A Year of FHE – This is my *favorite* FHE resource. This lady put together FHE lessons and posted them to her blog every week for 3 years. They are fantastic. She has lessons on a lot of different topics. Most weeks I will open up her blog and then scroll through the topics on the right side of the screen, pick one, print it and teach that. She also has hymns selected to go with her lessons as well as a scripture. The lessons are so well written out that you can generally just read what she’s written, show some pictures (if you want) and then bear your testimony where she indicates. I can’t say enough about how much I love her website.
Chocolate on My Cranium – If your kids really do well with visuals I highly recommend this website for her flannel board stories. She took all of the flannel board stories from the Friend and colored them in so that you can just print them out, cut out the pieces and tell an interactive story. If you live nearby, my sweet sister-in-law put together a binder with all of these lessons printed out and ironed all of the characters onto felt so that we had easy FHE lessons for a year. It was one of the best Christmas presents anyone has ever given me. We’ve gone through all of those lessons now though so if anyone would like to borrow any of the lessons feel free to come by and borrow them!
Sugardoodle – We all love Sugardoodle. They have so many cute ideas! They’re getting ready to re-do their website in the next month, so I don’t know if this will remain how to get to their FHE lessons, but for now if you go to their home page, click on the “Other” tab there’s an option for “Family Home Evening Index”, and there are a ton of great FHE ideas there.

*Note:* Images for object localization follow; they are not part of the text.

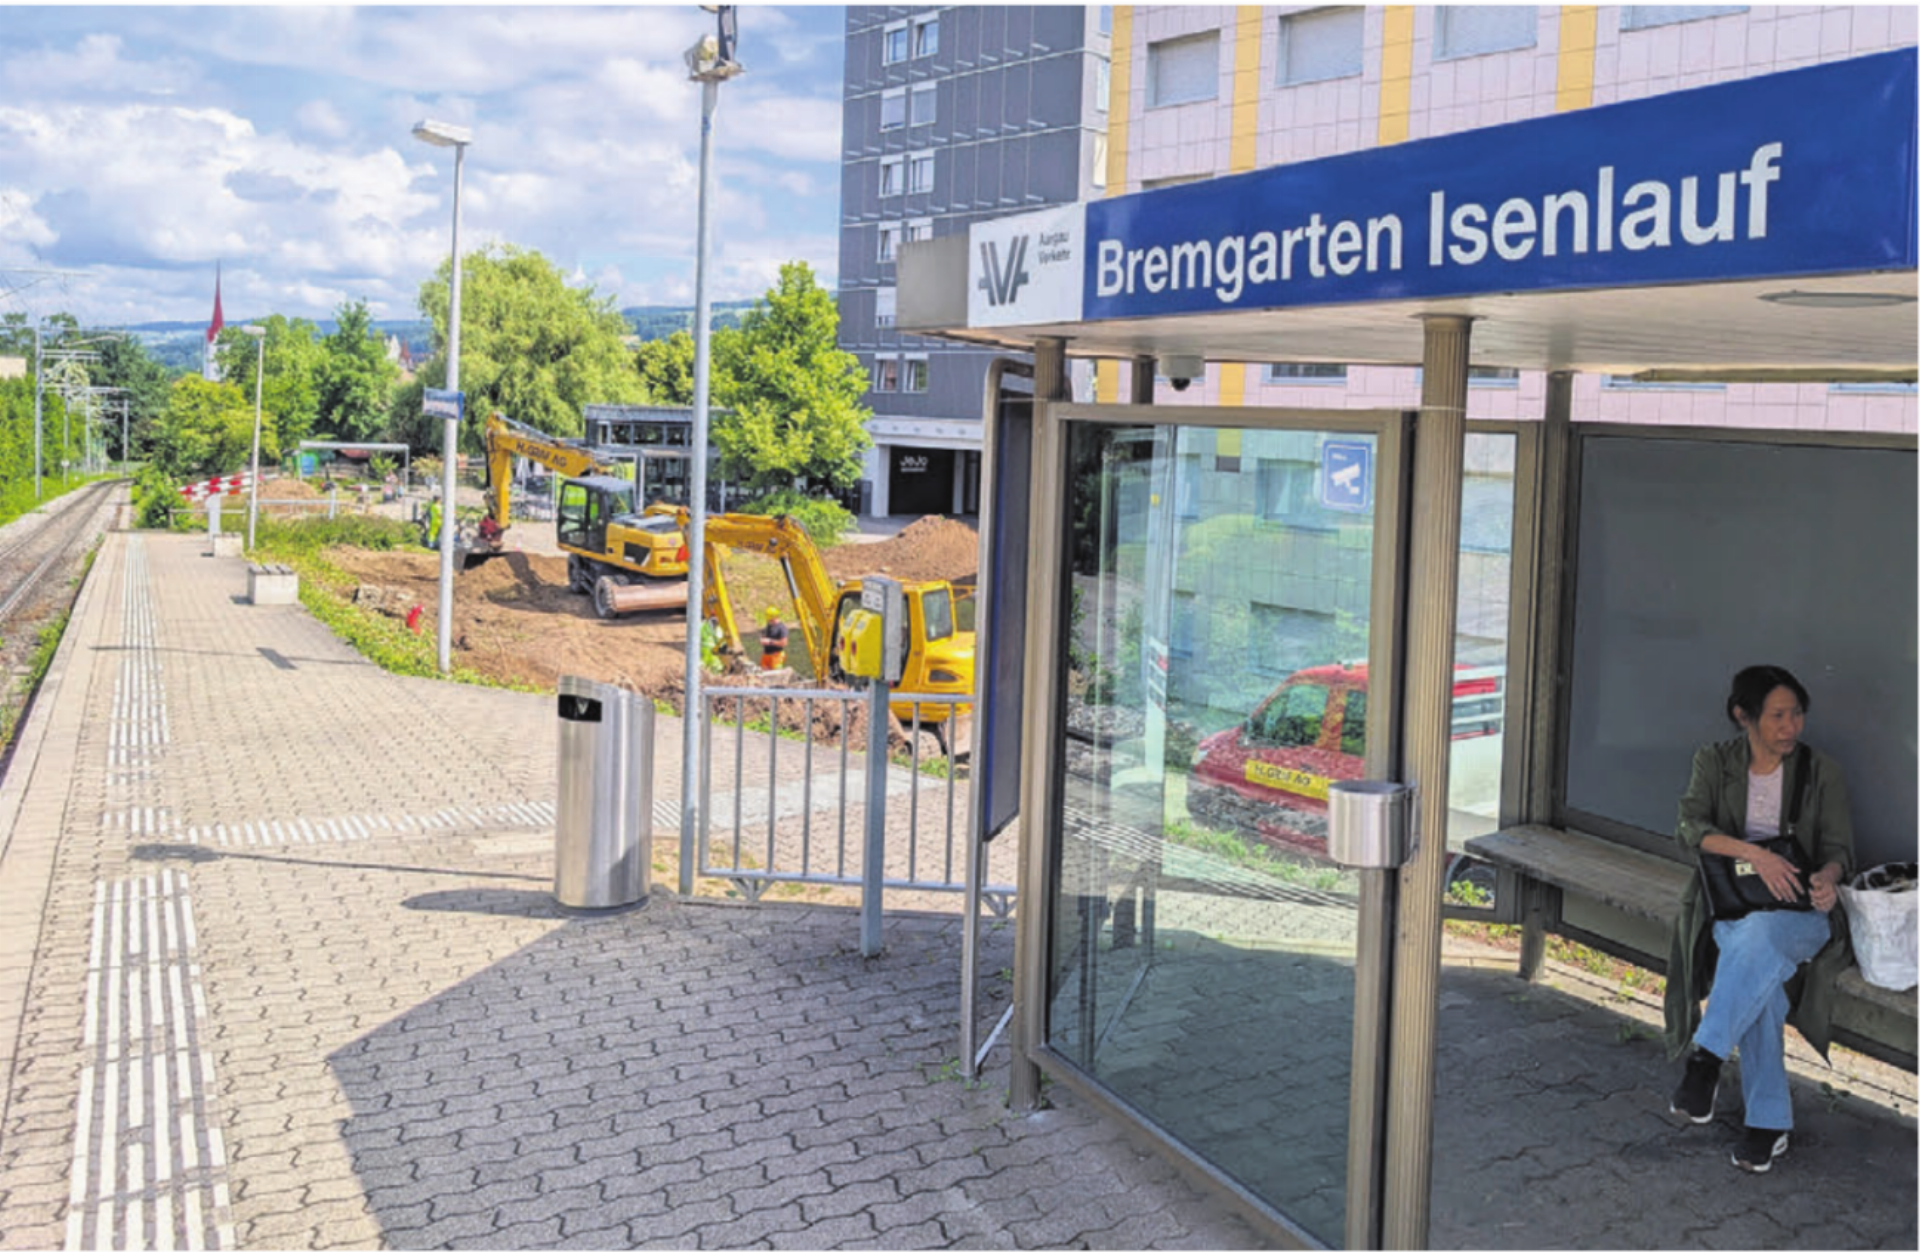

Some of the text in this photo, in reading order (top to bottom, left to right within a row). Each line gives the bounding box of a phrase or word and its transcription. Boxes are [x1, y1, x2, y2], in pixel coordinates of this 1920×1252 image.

[1097, 142, 1783, 303] Bremgarten Isenlauf
[1039, 232, 1069, 247] Aargau
[1039, 248, 1070, 265] Verkehr
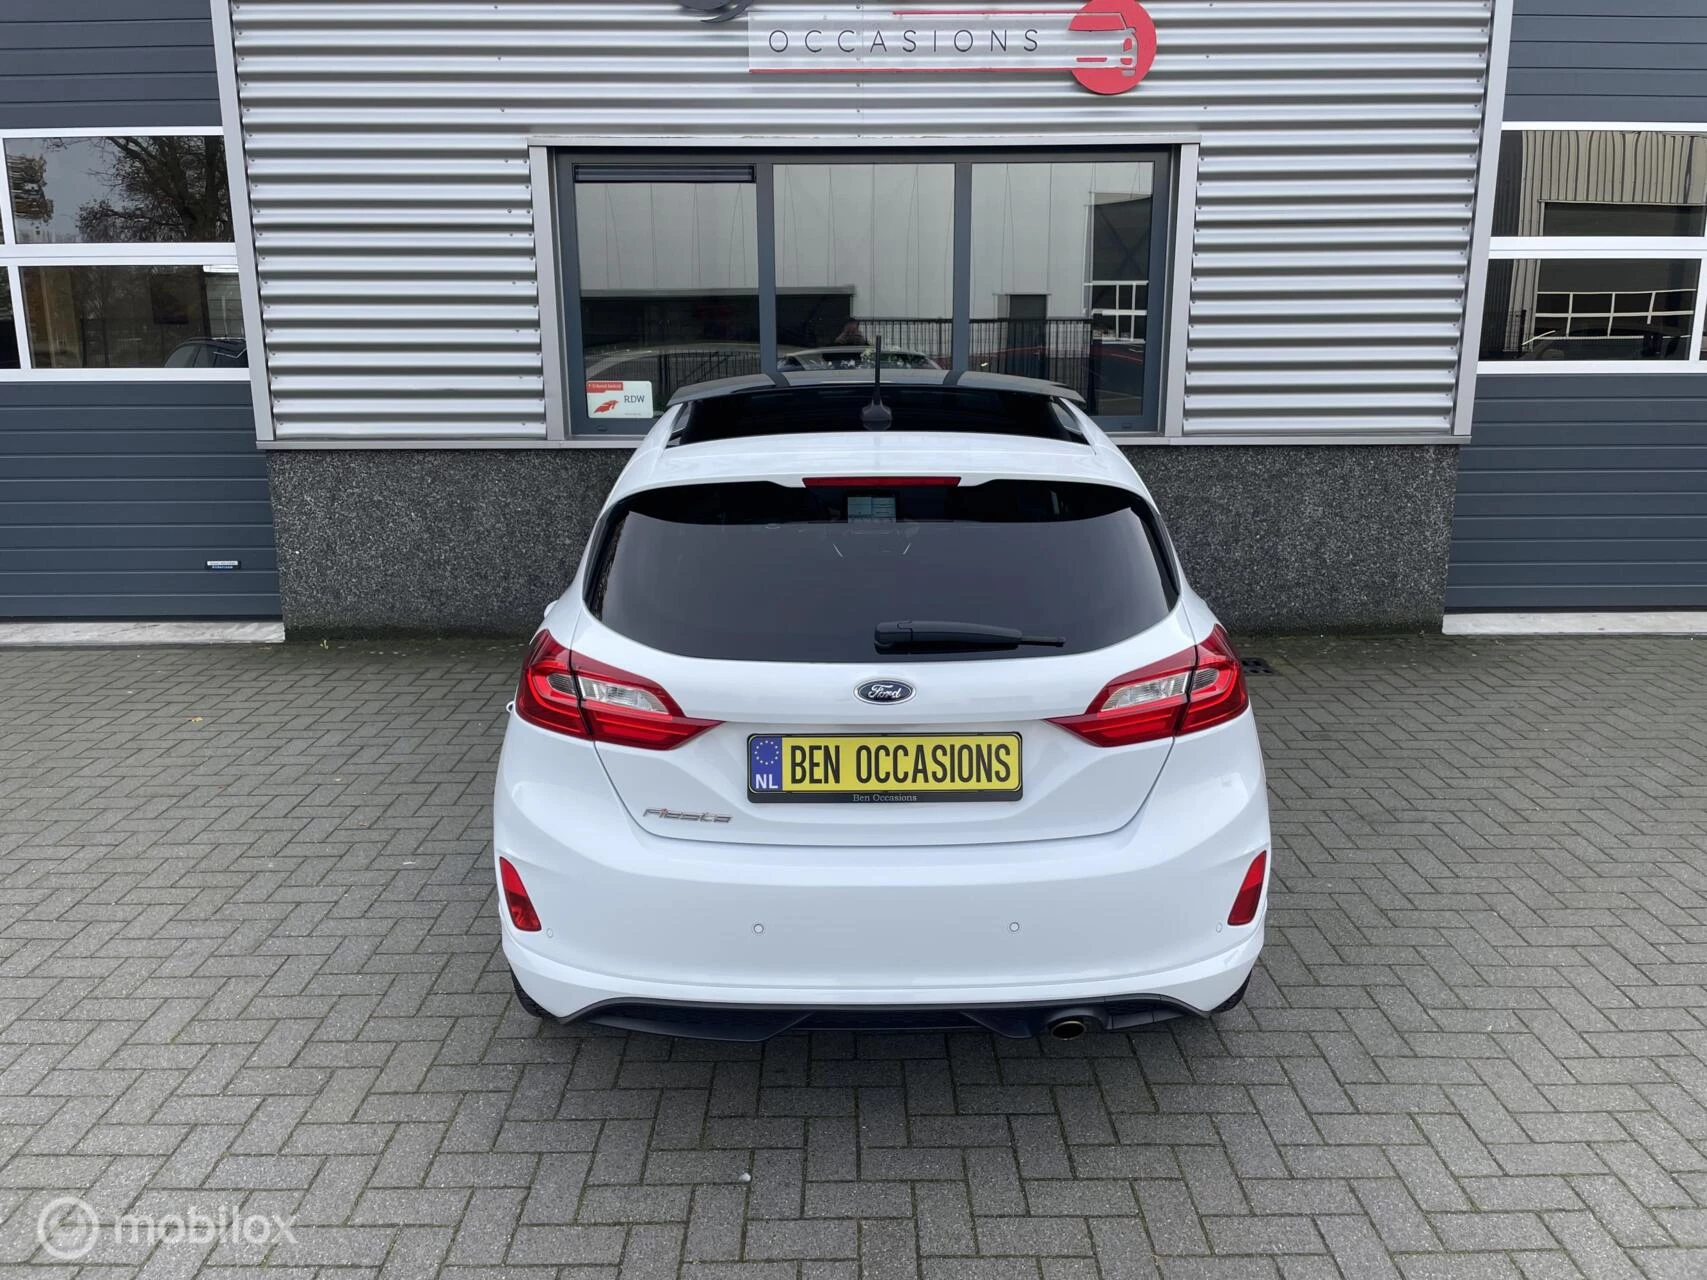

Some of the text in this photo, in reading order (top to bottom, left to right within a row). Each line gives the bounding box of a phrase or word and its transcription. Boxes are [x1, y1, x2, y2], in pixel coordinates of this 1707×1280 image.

[768, 29, 1040, 53] OCCASIONS
[624, 395, 645, 403] RDW
[868, 683, 902, 699] Ford
[790, 743, 1011, 784] BEN OCCASIONS
[755, 773, 778, 789] NL
[853, 793, 917, 803] Ben Occasions
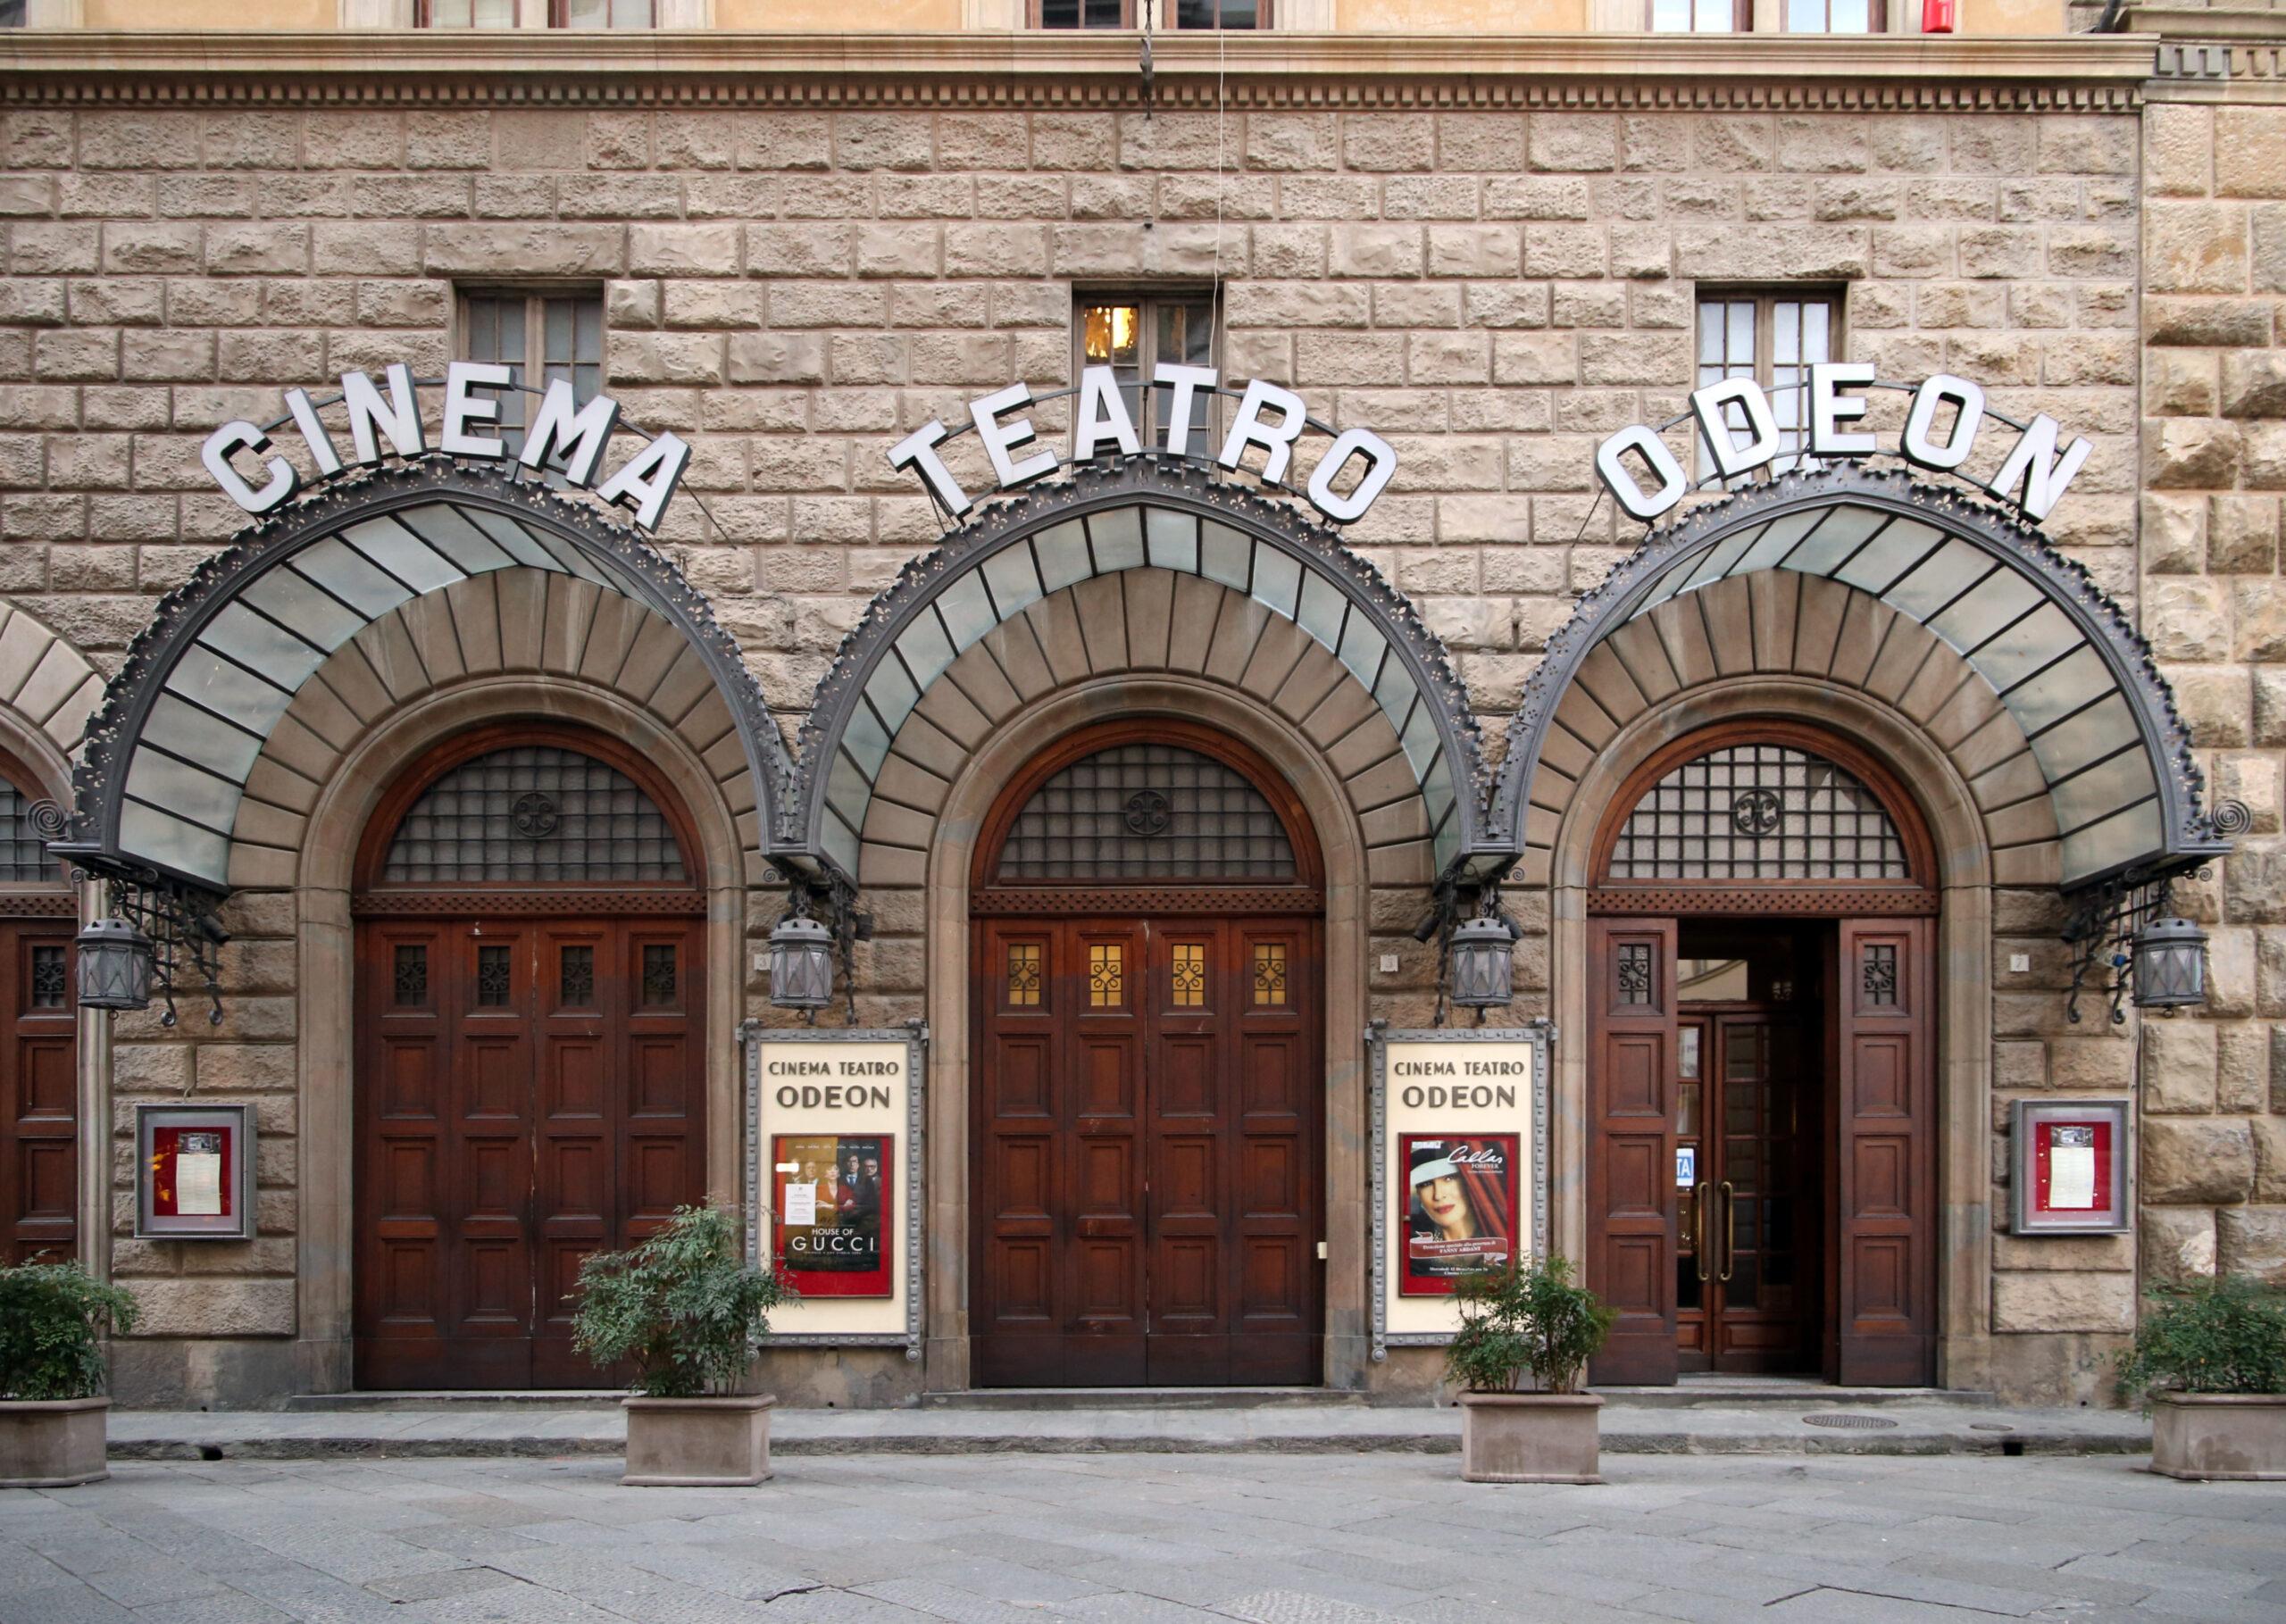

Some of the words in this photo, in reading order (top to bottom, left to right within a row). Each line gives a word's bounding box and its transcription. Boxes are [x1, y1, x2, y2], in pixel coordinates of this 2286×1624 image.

[200, 362, 692, 535] CINEMA
[886, 363, 1397, 525] TEATRO
[1596, 363, 2095, 525] ODEON
[769, 1062, 830, 1075] CINEMA
[839, 1062, 899, 1075] TEATRO
[1394, 1062, 1456, 1075] CINEMA
[1464, 1061, 1524, 1075] TEATRO
[776, 1085, 890, 1108] ODEON
[1402, 1085, 1515, 1108] ODEON
[1448, 1145, 1503, 1163] Callas
[812, 1228, 839, 1236] HOUSE
[842, 1228, 855, 1236] OF
[792, 1236, 874, 1252] GUCCI

My FHEs – Of course I have to throw in my shameless plug for my own website. I’ve put together a few different FHEs when I had something that I really wanted to teach my kids but couldn’t find *quite* the right lesson out on the web. I’ve been trying to post them to my website so that other people can use them too. I have lessons about being a missionary, a general conference preparation lesson (we do this one twice a year just before conference), saying sorry, and even an Angry Birds lesson about teaching kids how to control their emotions (that one gets requested often). I’ve tried to follow the “A Year of FHE” format and include an opening and closing hymn that goes with the lesson, an easy to follow lesson outline and a predefined spot to bear your testimony. There aren’t a lot of them, but I love to see people use them!
My one piece of advice if you use the lessons that people post on their blogs is to just leave them a comment to say thank you for their time. I know, at least that the lessons I put together, it usually takes me the better part of a day to complete them and it means a lot to me when someone will comment even a simple, “great lesson, thanks!”
I promise that if you make Family Home Evening a part of your family’s weekly routine you will see the blessings in your family. It will help draw you closer together and strengthen you and your kids against the difficult trials that might come against you.